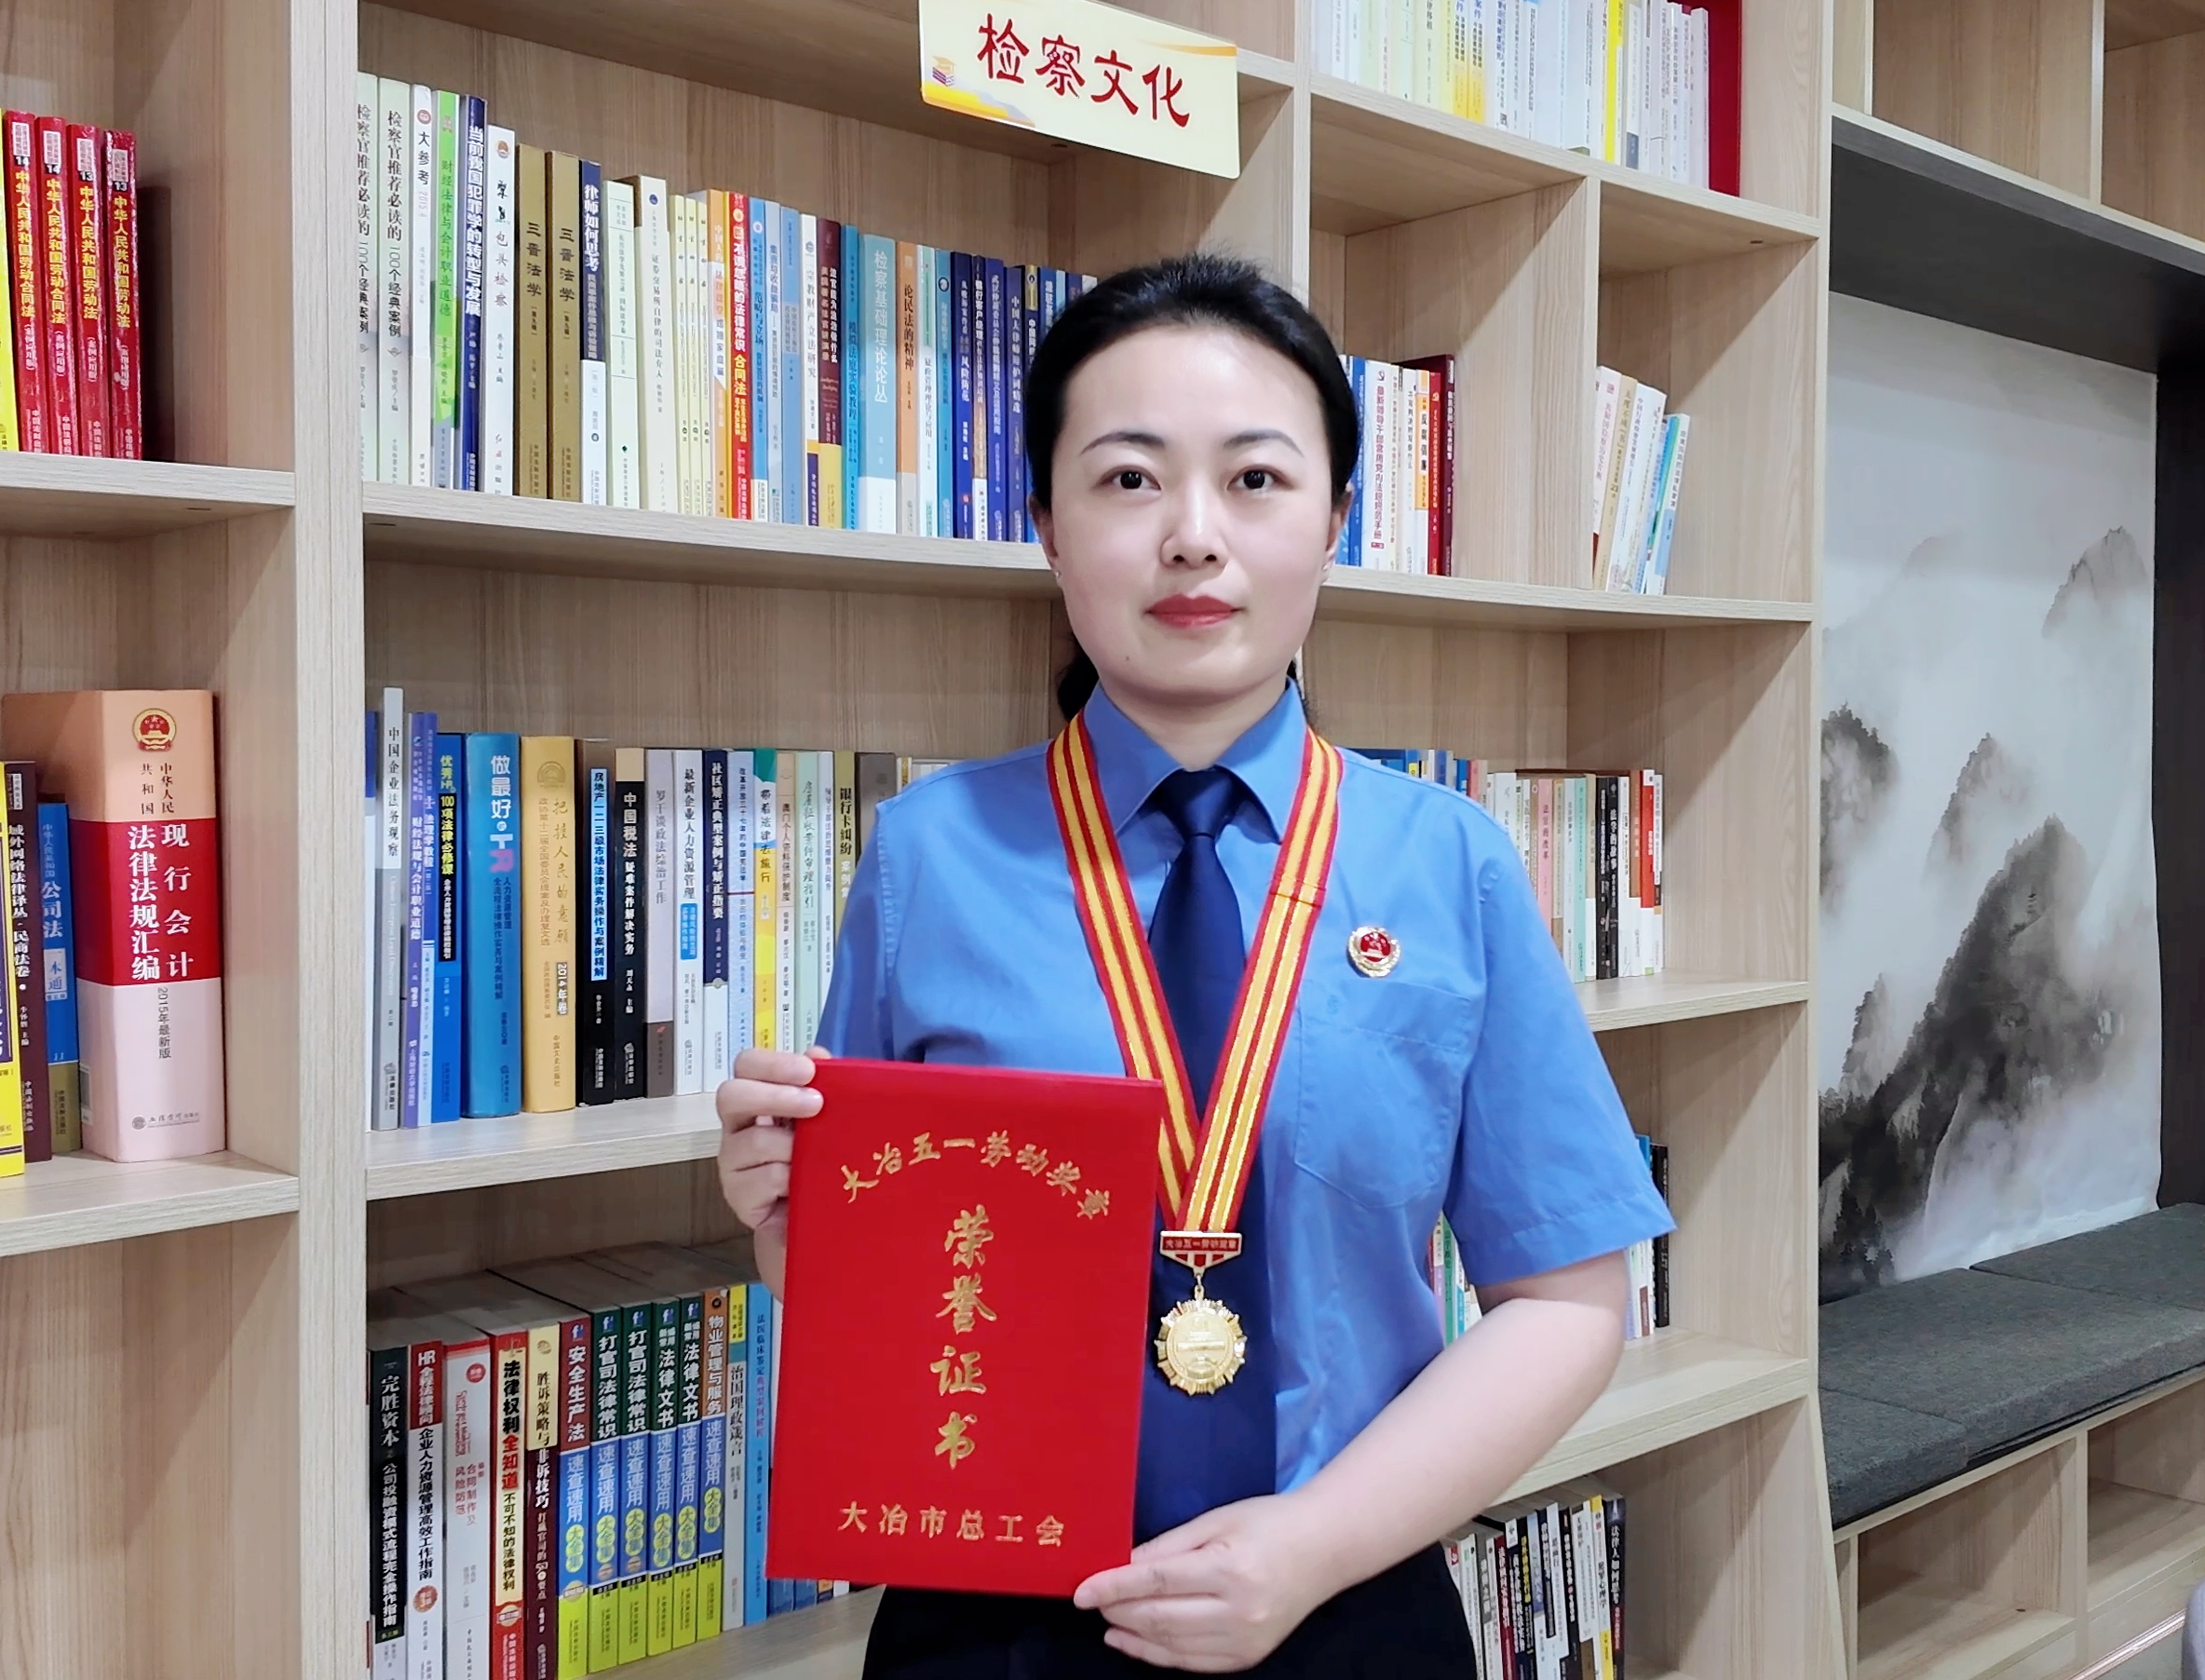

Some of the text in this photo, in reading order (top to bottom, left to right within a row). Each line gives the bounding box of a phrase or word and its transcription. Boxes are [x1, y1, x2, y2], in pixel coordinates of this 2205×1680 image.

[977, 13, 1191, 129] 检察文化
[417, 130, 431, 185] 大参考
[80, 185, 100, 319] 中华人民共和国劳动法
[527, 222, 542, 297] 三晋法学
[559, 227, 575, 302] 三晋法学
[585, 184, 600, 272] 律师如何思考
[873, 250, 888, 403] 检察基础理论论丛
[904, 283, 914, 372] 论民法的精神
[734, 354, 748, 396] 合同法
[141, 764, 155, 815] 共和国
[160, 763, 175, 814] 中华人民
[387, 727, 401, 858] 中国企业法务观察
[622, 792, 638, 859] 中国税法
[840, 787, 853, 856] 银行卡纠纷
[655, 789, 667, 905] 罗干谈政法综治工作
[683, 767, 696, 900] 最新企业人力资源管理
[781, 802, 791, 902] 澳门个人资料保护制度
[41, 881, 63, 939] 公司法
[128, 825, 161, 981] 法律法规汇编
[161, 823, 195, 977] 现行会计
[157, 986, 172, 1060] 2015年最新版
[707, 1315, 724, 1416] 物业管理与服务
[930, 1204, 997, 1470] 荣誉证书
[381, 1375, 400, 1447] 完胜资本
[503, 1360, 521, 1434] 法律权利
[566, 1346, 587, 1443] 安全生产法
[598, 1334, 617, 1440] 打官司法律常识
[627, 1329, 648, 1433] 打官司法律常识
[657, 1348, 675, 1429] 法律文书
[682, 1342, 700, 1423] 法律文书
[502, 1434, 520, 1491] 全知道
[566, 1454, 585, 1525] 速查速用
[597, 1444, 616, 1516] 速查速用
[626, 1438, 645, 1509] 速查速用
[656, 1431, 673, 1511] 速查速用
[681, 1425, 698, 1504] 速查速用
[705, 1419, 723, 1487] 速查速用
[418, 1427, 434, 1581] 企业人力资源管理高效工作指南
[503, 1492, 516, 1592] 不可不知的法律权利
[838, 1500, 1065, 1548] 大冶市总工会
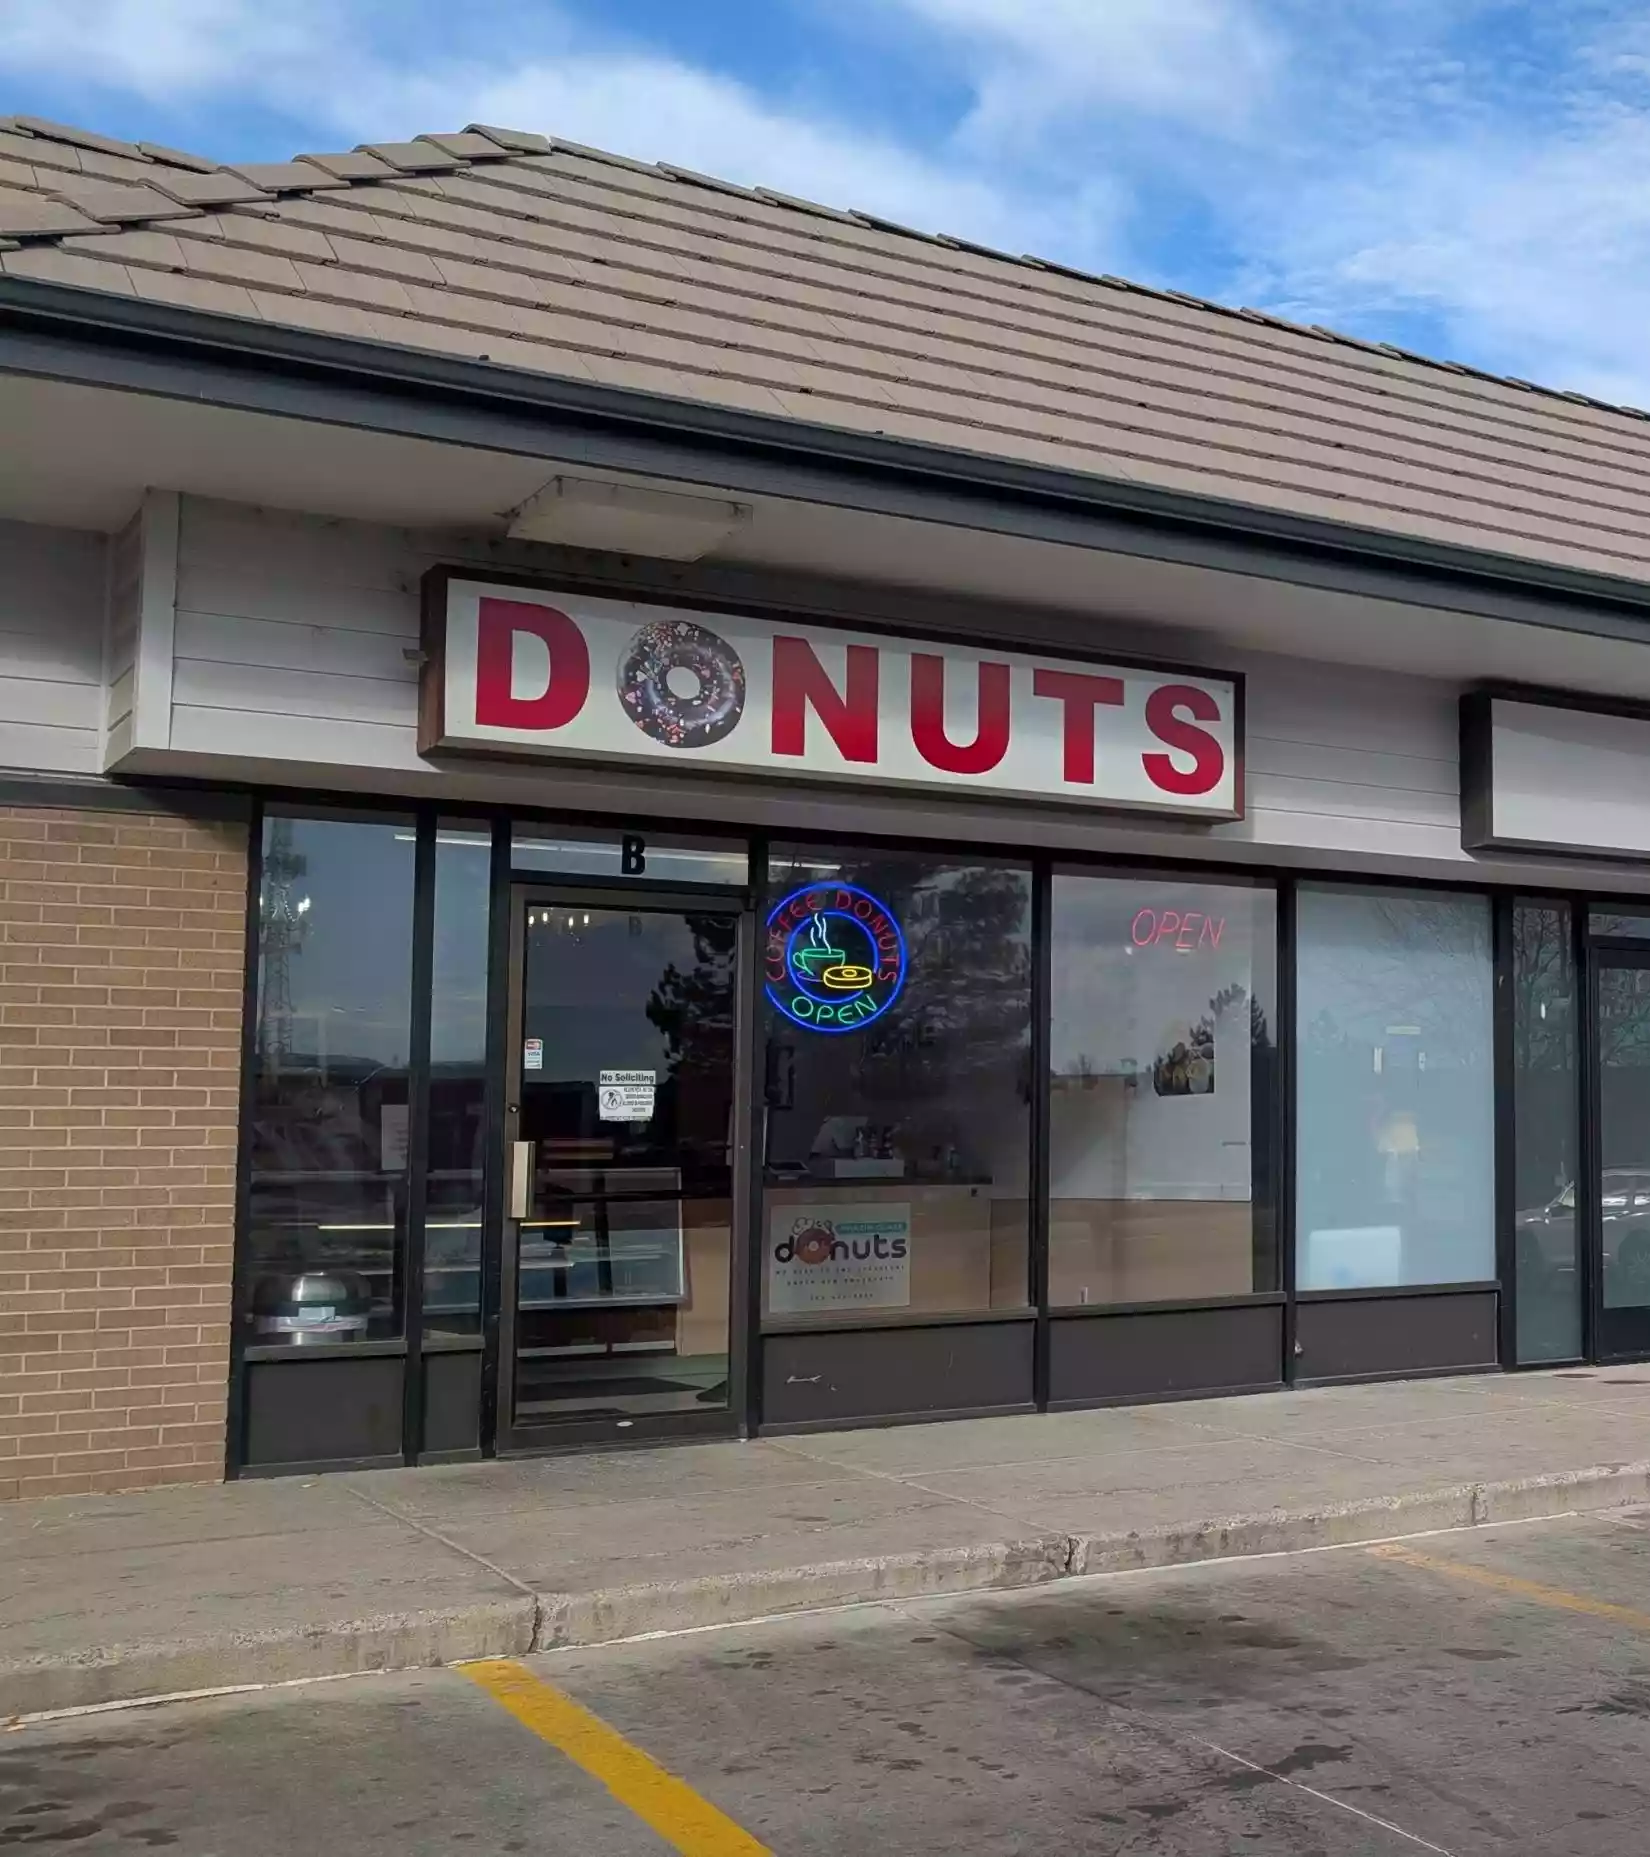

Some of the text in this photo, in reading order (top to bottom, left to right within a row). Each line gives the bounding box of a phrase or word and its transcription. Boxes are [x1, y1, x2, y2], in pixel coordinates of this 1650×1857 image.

▸ PROBLEM STATEMENT
An exact reproduction of every record above is required, with no pictures included.

▸ YOUR RESPONSE
Some of the text in this photo, in reading order (top to bottom, left to right within a row). Each line gives the bounding box of a phrase or word and its transcription. Boxes are [x1, y1, x2, y2], in pixel coordinates of this 2205×1680 image.

[977, 13, 1191, 129] 检察文化
[417, 130, 431, 185] 大参考
[80, 185, 100, 319] 中华人民共和国劳动法
[527, 222, 542, 297] 三晋法学
[559, 227, 575, 302] 三晋法学
[585, 184, 600, 272] 律师如何思考
[873, 250, 888, 403] 检察基础理论论丛
[904, 283, 914, 372] 论民法的精神
[734, 354, 748, 396] 合同法
[141, 764, 155, 815] 共和国
[160, 763, 175, 814] 中华人民
[387, 727, 401, 858] 中国企业法务观察
[622, 792, 638, 859] 中国税法
[840, 787, 853, 856] 银行卡纠纷
[655, 789, 667, 905] 罗干谈政法综治工作
[683, 767, 696, 900] 最新企业人力资源管理
[781, 802, 791, 902] 澳门个人资料保护制度
[41, 881, 63, 939] 公司法
[128, 825, 161, 981] 法律法规汇编
[161, 823, 195, 977] 现行会计
[157, 986, 172, 1060] 2015年最新版
[707, 1315, 724, 1416] 物业管理与服务
[930, 1204, 997, 1470] 荣誉证书
[381, 1375, 400, 1447] 完胜资本
[503, 1360, 521, 1434] 法律权利
[566, 1346, 587, 1443] 安全生产法
[598, 1334, 617, 1440] 打官司法律常识
[627, 1329, 648, 1433] 打官司法律常识
[657, 1348, 675, 1429] 法律文书
[682, 1342, 700, 1423] 法律文书
[502, 1434, 520, 1491] 全知道
[566, 1454, 585, 1525] 速查速用
[597, 1444, 616, 1516] 速查速用
[626, 1438, 645, 1509] 速查速用
[656, 1431, 673, 1511] 速查速用
[681, 1425, 698, 1504] 速查速用
[705, 1419, 723, 1487] 速查速用
[418, 1427, 434, 1581] 企业人力资源管理高效工作指南
[503, 1492, 516, 1592] 不可不知的法律权利
[838, 1500, 1065, 1548] 大冶市总工会

Some of the text in this photo, in reading order (top to bottom, left to right within a row). Each line gives the bounding box of a phrase or word and its transcription. Boxes are [x1, y1, x2, y2], in pixel coordinates of this 1650×1857 image.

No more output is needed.